[RsR] Questions about interpreting lmRob output

Wed Nov 14 12:03:19 CET 2007

Here are some quick answers to your questions.  Please let me know if  
you would like more details.

Kjell

On 13 Nov 2007, at 20:59, Jenifer Larson-Hall wrote:

> Dear Robust R gurus,
> There are a variety of functions I can use to perform robust  
> regression
> in R and I am trying to figure out what would be the best package in R
> to recommend to do robust regression. From reading through the  
> archives
> and looking at Maronna, Martin and Yohai’s book, my sense is that most
> people on this list would recommend the robust library. That’s the  
> one I
> like the best too, because its output parallels the lm functions.
> However, I have a few questions.
>
> First, several books that discuss R and have mentioned robust methods
> (Crawley, 2007; Faraway, 2005; Fox, 2002; Jureckova & Picek, 2006)  
> have
> used the rlm function in the MASS library. Do you have any idea why
> these books would recommend rlm over lmRob? I don’t find the output to
> be as helpful as lmRob’s output. Well, this is just curiosity.

The Robust Library was originally developed for S-PLUS and has only  
recently (sometime in the last 1-2 years) been made available for R.

> Second, I have some questions about understanding the output of lmRob:
> 1) How can I interpret the test for bias in the summary output?
> Test for Bias:
>                   statistic   p-value
> M-estimate  0.5652855 0.9997877
> LS-estimate 3.6125604 0.8902805
>
> Does the fact that the p-values are above .05 mean there was no bias  
> in
> my original data set?

The test for bias is a diagnostic for the fitting procedure and is not  
directly applicable to the fitted model.  It is computed by the  
function test.lmRob - if you're curious take a look at the reference  
in the help file.

> 2) I was excited to see that the robust library had functions like
> update.lmRob and step.lmRob which again paralleled what I was doing  
> with
> the lm function. However, when I tried to use update.lmRob, here is  
> the
> error message I got (data set reproduced below):
> m1.robust=lmRob(G1L1WR~ PAL2*KL2WR*NS, data=lafrance.na)
> update.lmRob(m1.robust,~.-PAL2:KL2WR:NS)
> Error in NextMethod() : generic function not specified

S-PLUS and R handle generic functions slightly differently.  I thought  
I had this working but it looks like I missed something.  Sorry.

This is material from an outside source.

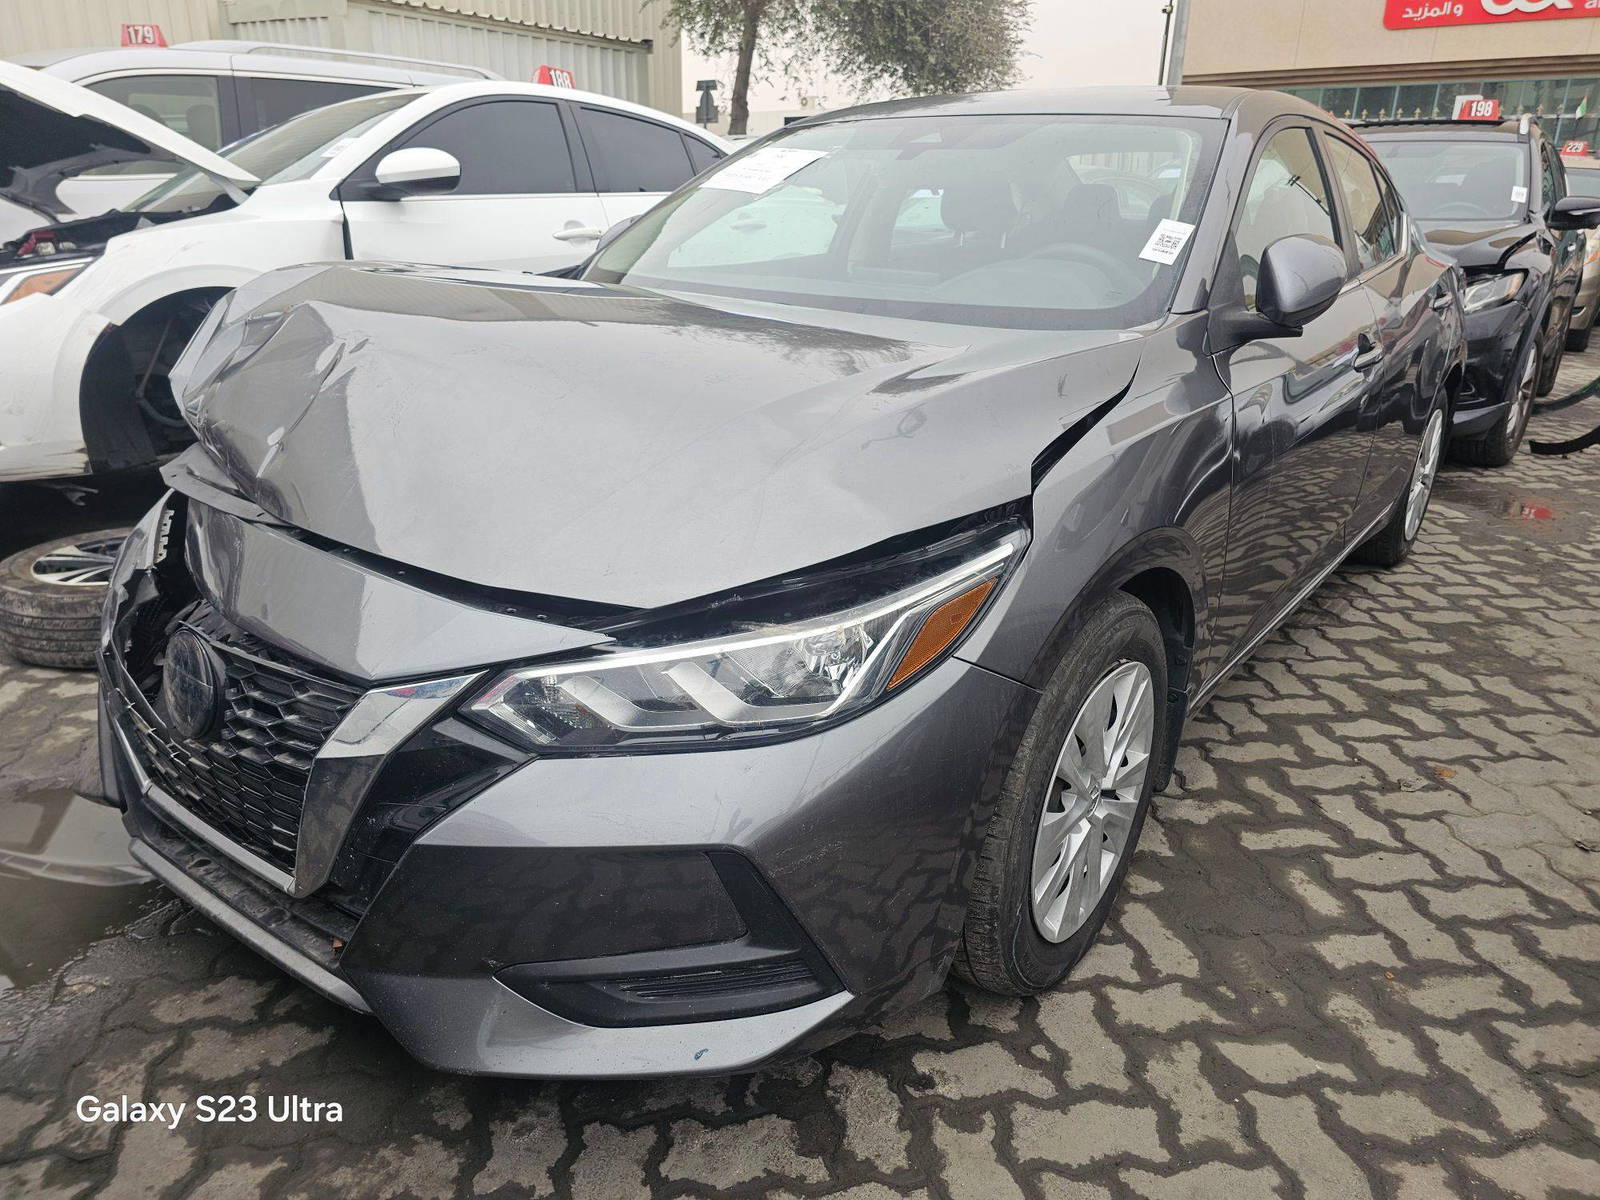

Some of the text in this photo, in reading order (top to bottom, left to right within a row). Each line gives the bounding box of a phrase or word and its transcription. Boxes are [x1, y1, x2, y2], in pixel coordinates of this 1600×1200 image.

> And whenever I use step.lmRob, I get back exactly the same model  
> that I
> put into it, so that doesn’t seem to be working either!
>
>> step.lmRob(m1.robust)
> Start:  RFPE= 25.0857
> G1L1WR ~ PAL2 * KL2WR * NS
>
> Warning in lmRob.fit.compute(x2, y, x1 = x1, x1.idx = x1.idx, nrep =
> nrep,  :
>  Max iteration for final coefficients reached.
>
> Single term deletions
>
> Model:
> G1L1WR ~ PAL2 * KL2WR * NS
>
> scale:  0.2330676
>
>              Df   RFPE
> <none>           25.086
> PAL2:KL2WR:NS  1 26.658
> Call:
> lmRob(formula = G1L1WR ~ PAL2 * KL2WR * NS, data = lafrance.na)
>
> Coefficients:
>  (Intercept)          PAL2         KL2WR            NS    PAL2:KL2WR
>   PAL2:NS
>    -4.055888      4.205368     -8.077648      1.483424      4.342931
> -1.264462
>     KL2WR:NS PAL2:KL2WR:NS
>     4.545588     -2.474043
>
> Degrees of freedom: 37 total; 29 residual
> Residual standard error: 0.2330676

For some reason lmRob is having trouble fitting the model G1L1WR ~  
PAL2 * KL2WR * NS - PAL2:KL2WR:NS.  This usually happens because more  
than half of the data fits the model perfectly (although I'm not sure  
that's what's happening in this case).  When the fitting fails  
step.lmRob and drop1.lmRob return the most recently selected model.   
Since this example fails in the first iteration it just returns the  
input model.

> 3) I had better luck with the plots.lmRob( ) function but I was
> wondering what plots 9 and 10 were. What does it mean to have  
> ‘overlaid’
> plots? I could see an overlaid Q-Q plot of residuals was different  
> than
> the Normal Q-Q plot of residuals, but I don’t understand what the
> difference is.

The plots are designed to compare robust and least squares fits of the  
same model.  Try this:

 > m1.comp <- fit.models(list(Robust = "lmRob", "Least Squares" =  
"lm"), formula = G1L1WR ~ PAL2*KL2WR*NS, data = lafrance.na)
 > plot(m1.comp)

then choices 9 and 10 make more sense.

> 4) As I understand the documentation, the lmRob function will use
> M-estimators or S-estimators and will search for the best one for the
> data. Reading over Wilcox (2005), he notes that no one robust method
> will work best all of the time (as do Maronna, Martin and Yohai),  
> but he
> seems to like the Theil-Sen estimator, M-estimators, the MGV  
> estimator,
> the STS estimator, least trimmed squares the least absolute value
> estimator, and the deepest regression line method. Not being well- 
> versed
> in the theory, I am going to venture the guess that the estimators  
> that
> lmRob is using would cover the M-estimators and STS estimator, but  
> none
> of the others. Does anyone have a comment on why only M-estimators and
> S-estimators are used in lmRob? Along the same lines, Wilcox (2005)
> recommends running a robust regression with an estimator with a high
> breakdown point and a lower (.2-.3) breakdown point and comparing
> estimates and CIs. From what I can see, M-estimators have a high
> breakdown point (.5). I don’t know about S-estimators, but does anyone
> else see value in what Wilcox recommends, and have an idea for some
> other parameter I should use with lmRob to run a robust regression  
> using
> an estimator with a lower breakdown point?6) OK, and last of all, a  
> dumb question. Is this dumb? Does lmRob
> bootstrap the data? From the description of sampling it seems like it
> does, but I am not sure exactly from the terminology.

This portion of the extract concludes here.